> **Work instructions**: Each record that follows should be repeated exactly, minus any images.

----- Given records

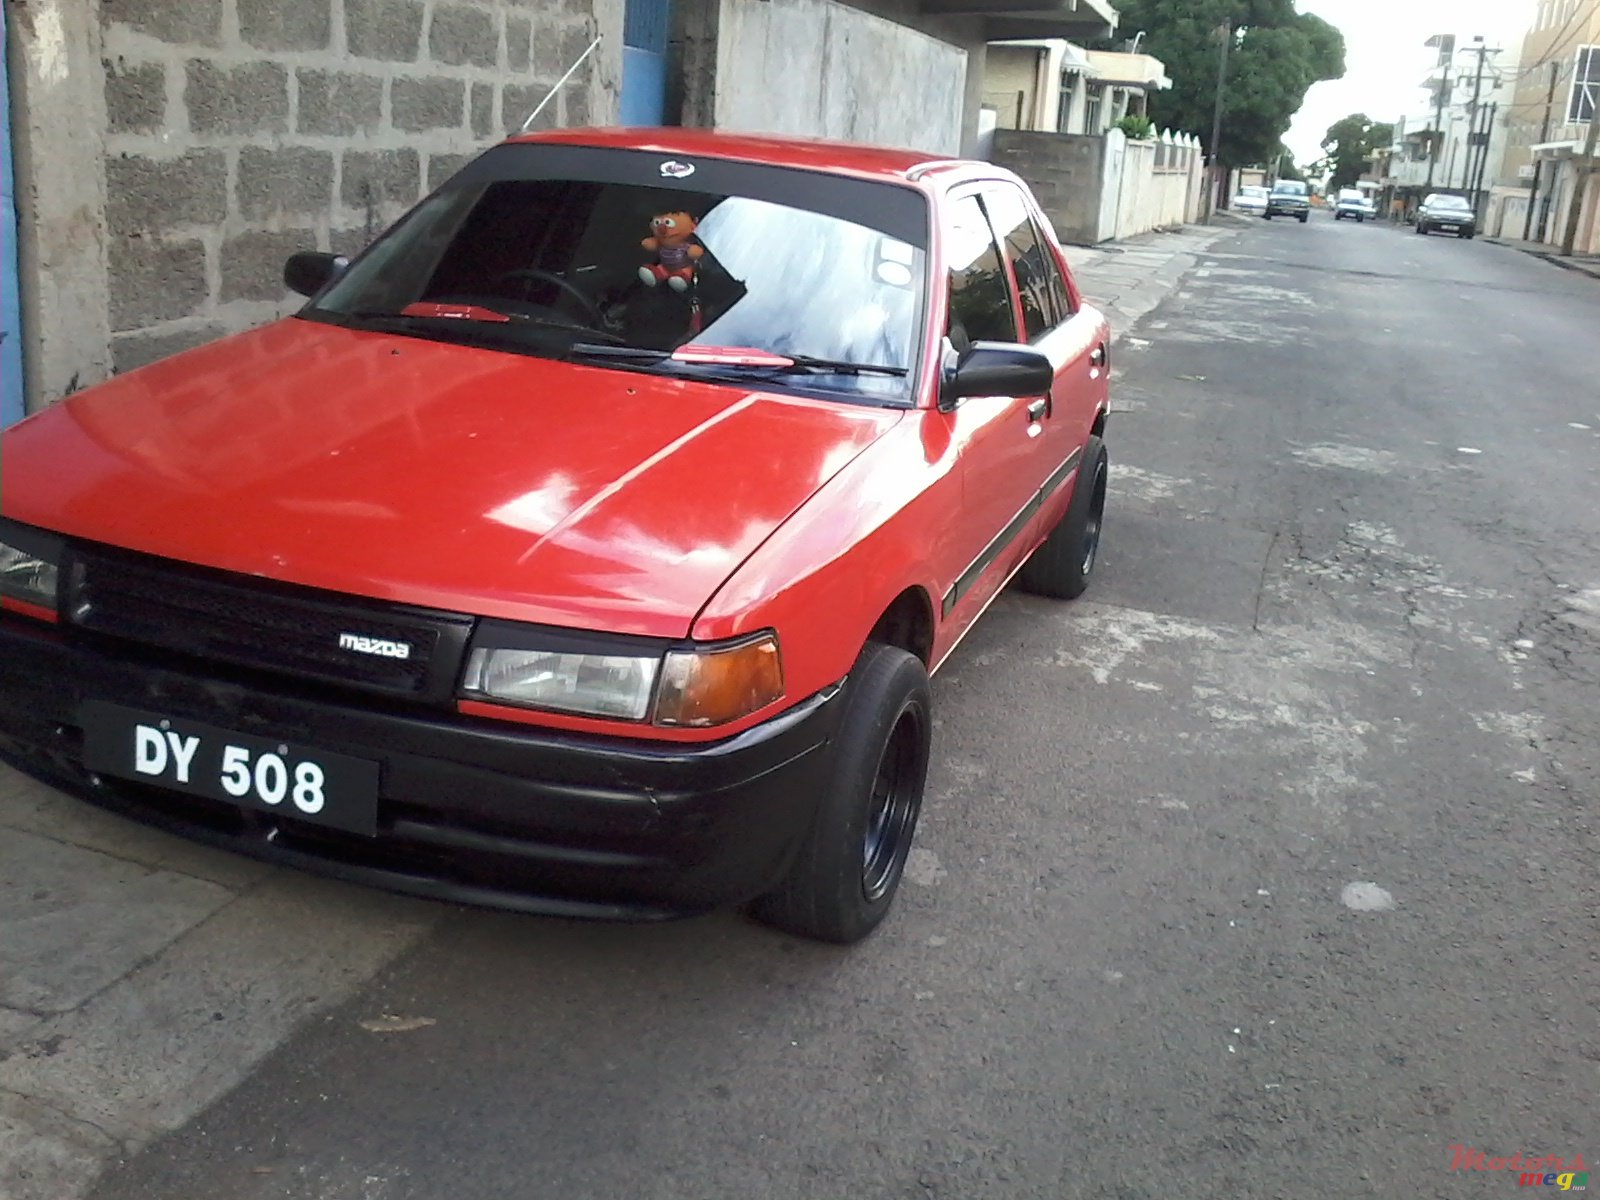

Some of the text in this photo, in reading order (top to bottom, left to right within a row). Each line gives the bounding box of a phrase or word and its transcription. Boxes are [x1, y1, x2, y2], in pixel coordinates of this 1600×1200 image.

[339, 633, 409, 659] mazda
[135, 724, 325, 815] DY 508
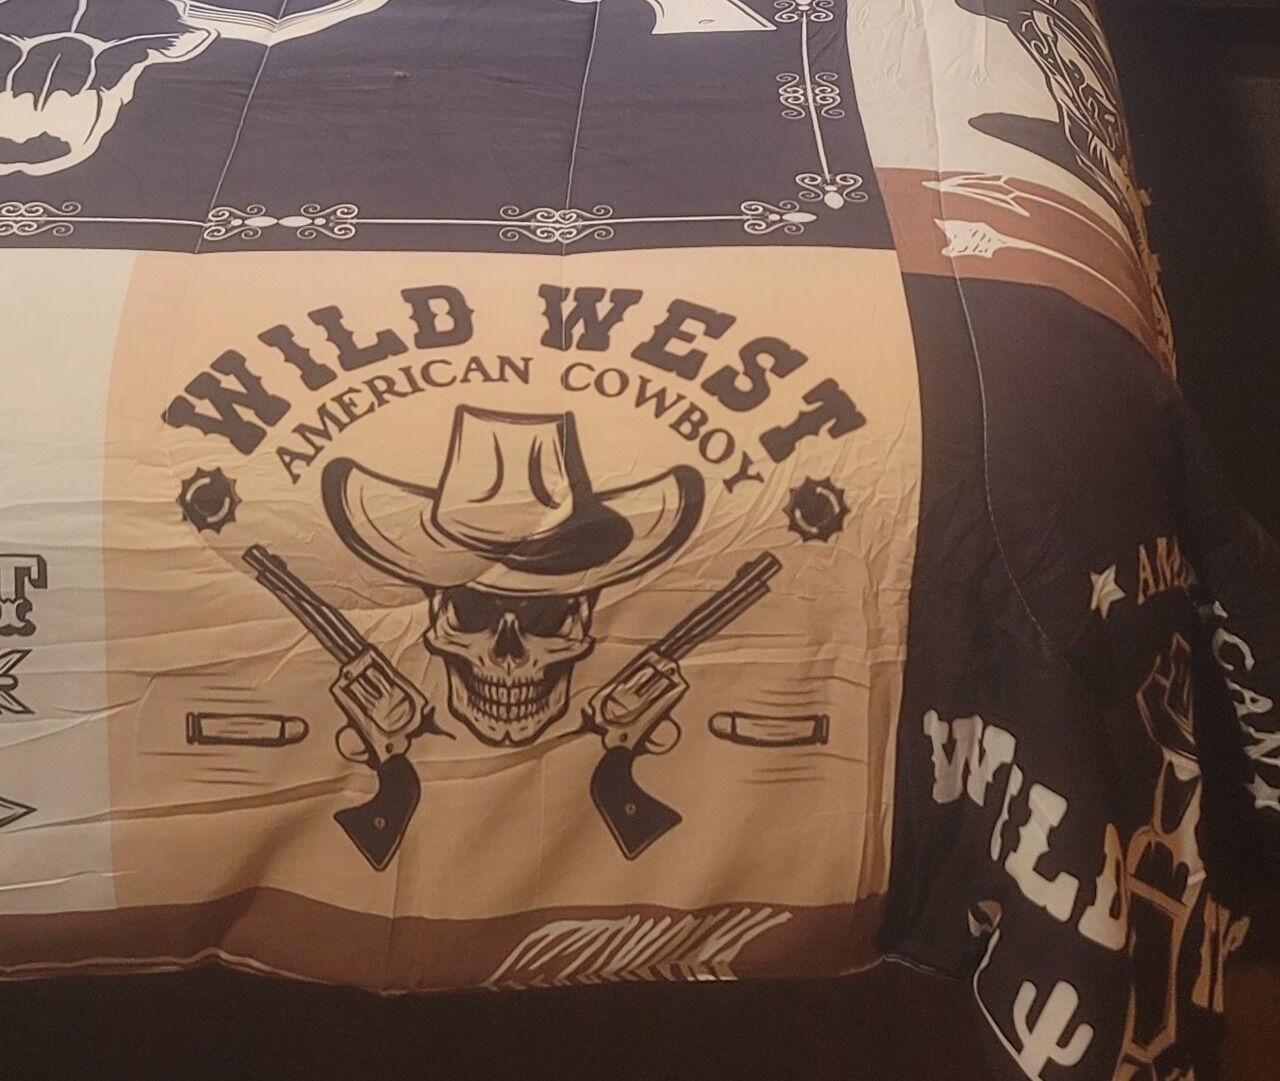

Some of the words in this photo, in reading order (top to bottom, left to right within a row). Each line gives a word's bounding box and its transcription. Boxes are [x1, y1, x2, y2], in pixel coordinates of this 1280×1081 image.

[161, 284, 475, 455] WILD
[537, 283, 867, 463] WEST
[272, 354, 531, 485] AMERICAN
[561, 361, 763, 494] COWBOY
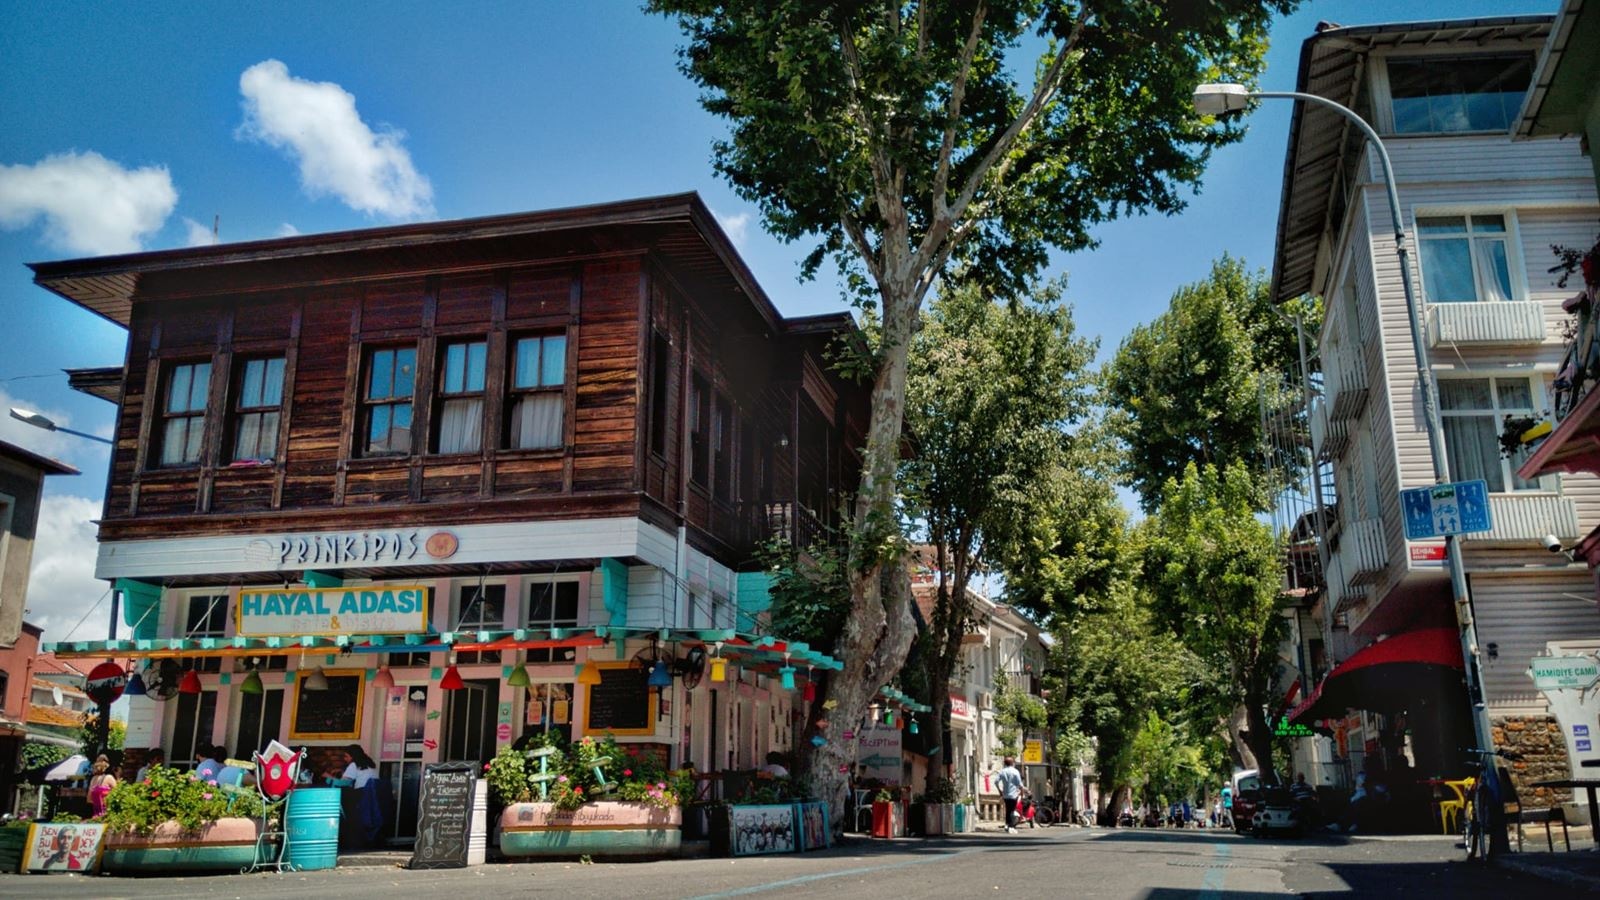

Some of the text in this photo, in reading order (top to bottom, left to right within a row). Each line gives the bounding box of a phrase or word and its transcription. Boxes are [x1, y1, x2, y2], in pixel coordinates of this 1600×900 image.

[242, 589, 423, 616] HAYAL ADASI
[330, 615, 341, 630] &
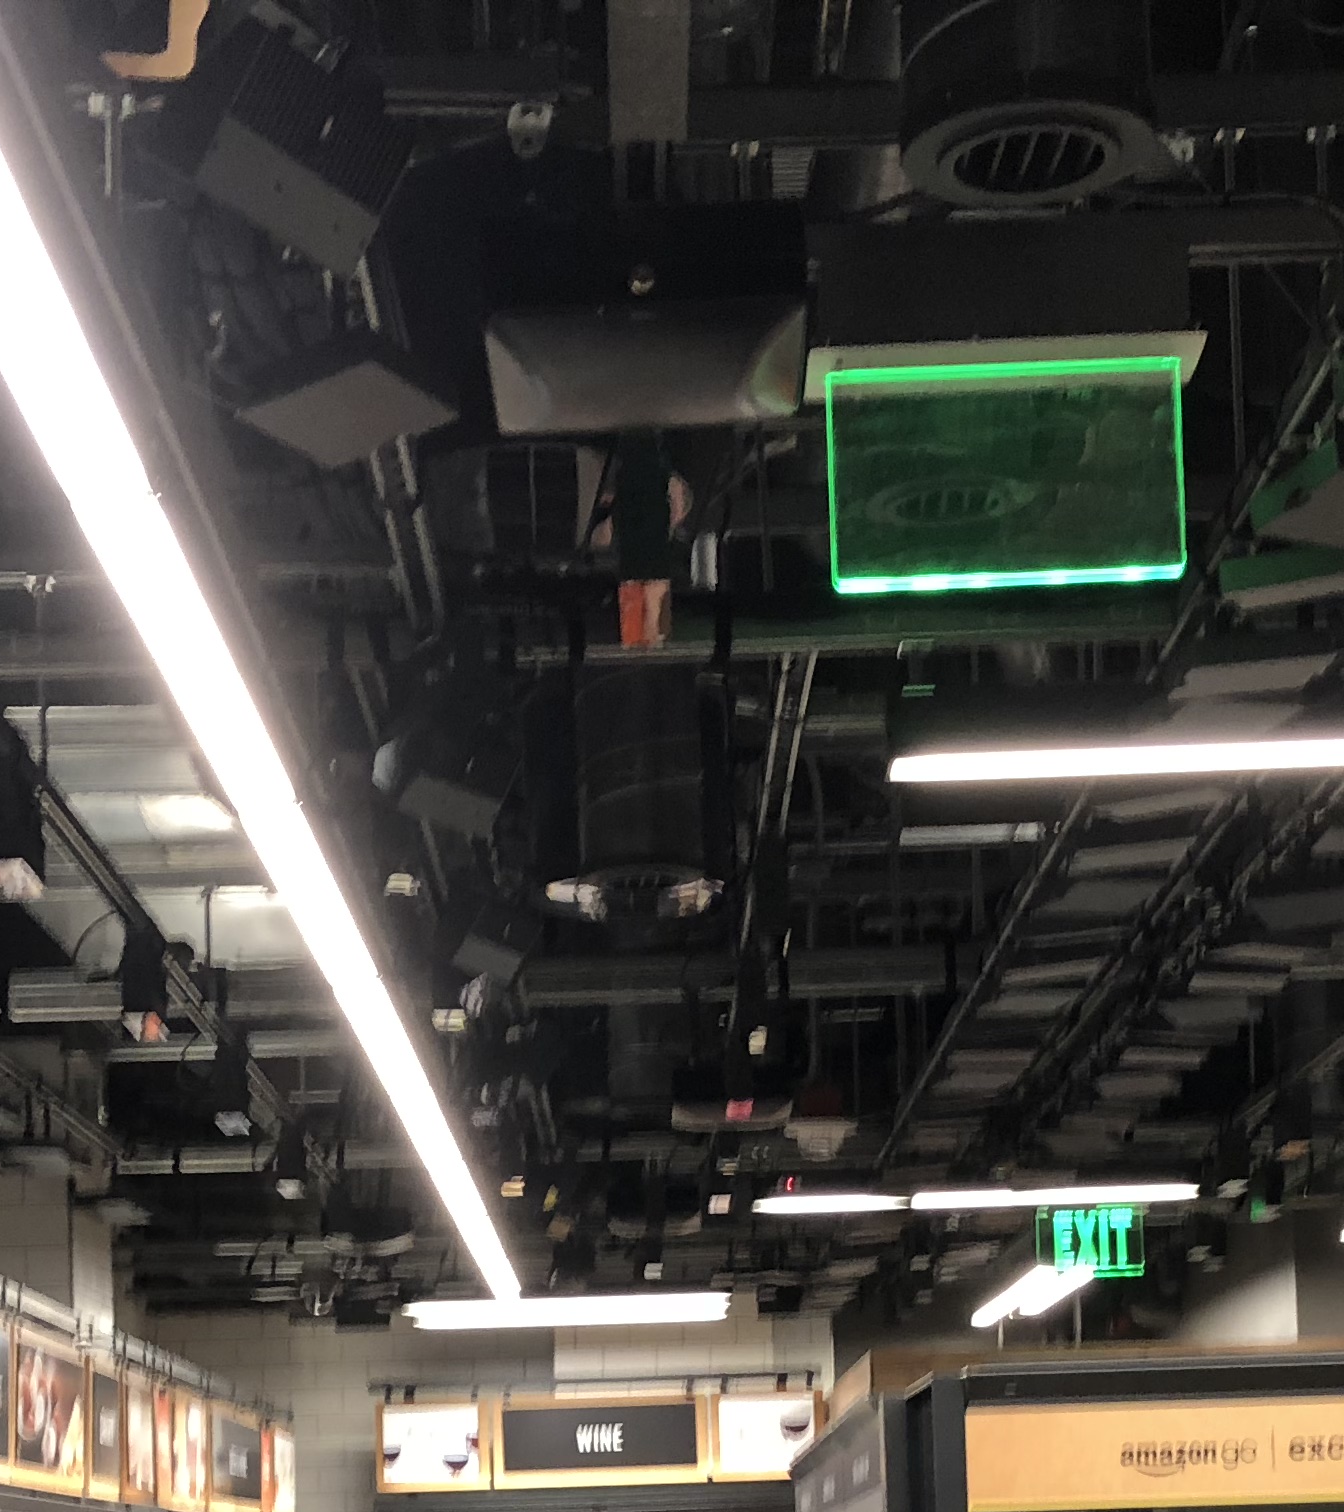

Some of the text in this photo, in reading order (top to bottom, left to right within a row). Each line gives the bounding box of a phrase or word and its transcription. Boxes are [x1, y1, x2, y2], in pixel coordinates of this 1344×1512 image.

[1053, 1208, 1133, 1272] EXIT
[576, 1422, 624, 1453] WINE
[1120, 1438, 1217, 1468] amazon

----------

> **Answer for the task**:
Some of the text in this photo, in reading order (top to bottom, left to right within a row). Each line gives the bounding box of a phrase or word and its transcription. Boxes are [x1, y1, x2, y2], in pixel coordinates of this 1600×1200 image.

[339, 633, 409, 659] mazda
[135, 724, 325, 815] DY 508

Some of the words in this photo, in reading order (top to bottom, left to right within a row). Each line gives a word's bounding box and its transcription. Boxes are [x1, y1, x2, y2], in pixel coordinates of this 1280×1081 image.

[161, 284, 475, 455] WILD
[537, 283, 867, 463] WEST
[272, 354, 531, 485] AMERICAN
[561, 361, 763, 494] COWBOY

Some of the text in this photo, in reading order (top to bottom, left to right within a row). Each line gives the bounding box of a phrase or word and its transcription. Boxes are [x1, y1, x2, y2], in pixel coordinates of this 1600×900 image.

[242, 589, 423, 616] HAYAL ADASI
[330, 615, 341, 630] &

Some of the text in this photo, in reading order (top to bottom, left to right within a row). Each line gives the bounding box of a phrase or word and its transcription. Boxes are [x1, y1, x2, y2], in pixel coordinates of this 1344×1512 image.

[1053, 1208, 1133, 1272] EXIT
[576, 1422, 624, 1453] WINE
[1120, 1438, 1217, 1468] amazon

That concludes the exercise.